# [How-To] Use DevExpress Skins



## SamuraiTheVapor (23/6/15)

What is DevExpress? 
_"DevExpress is a company that builds software development tools based on Visual Studio, they have created extensions (plugins) that are used inside Visual Studio to create your applications faster. They have created number of different tools.

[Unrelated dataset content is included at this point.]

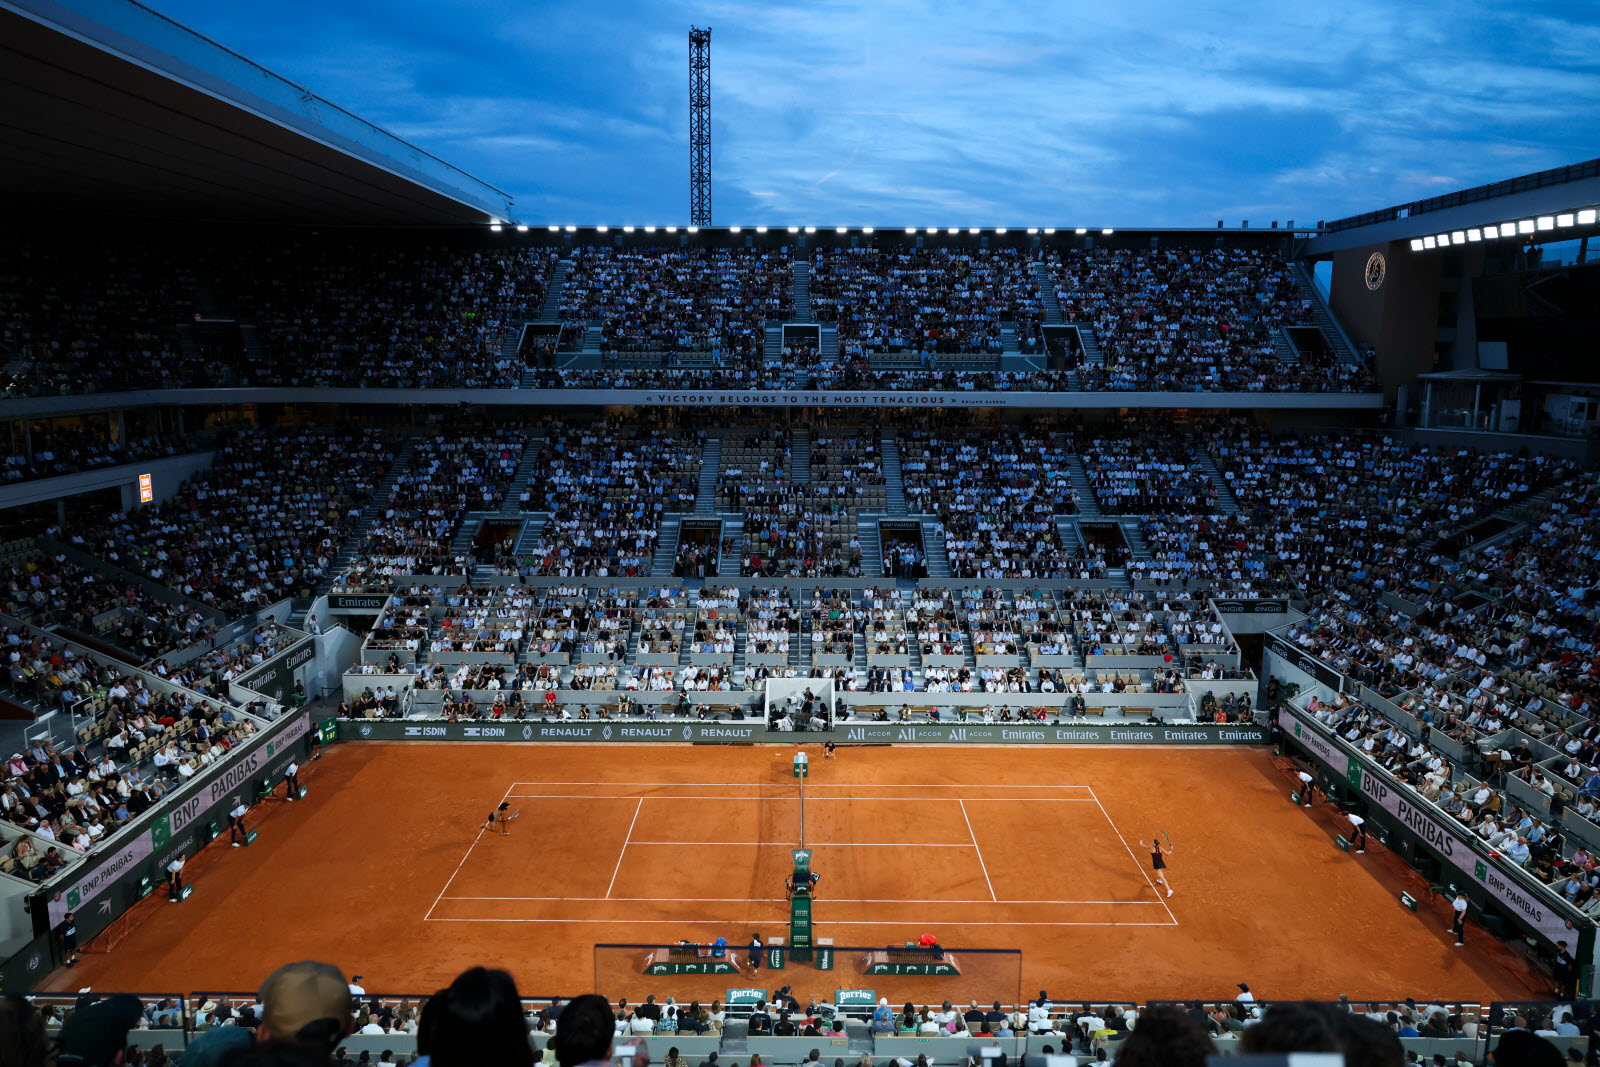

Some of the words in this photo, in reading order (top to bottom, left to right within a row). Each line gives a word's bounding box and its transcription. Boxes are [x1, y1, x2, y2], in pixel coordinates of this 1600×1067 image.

They have created ASP.NET UI controls that you can use your application to enhance UI. For example, creating data grid with drag and drop is very challenging and difficult in JavaScript, but you can use their control with very little programming. They do charge per developer fee for their software. However, you can create and distribute unlimited applications made with those tools."_

This tutorial is simple to show you how to get started using DevExpress Windows Forms Skins.

You will need:
Visual Studio OR Visual C# OR Visual Basic (I'm using C#, however, it's not much different, so just use a online conversion tool, or ask)
DevExpress - Get a trial here - or if you want a cracked version, please PM me.

1. Download and install DevExpress. This should be very simple to do, if you're new and downloading the trial from their page, get the one stating "Visual Studio Controls".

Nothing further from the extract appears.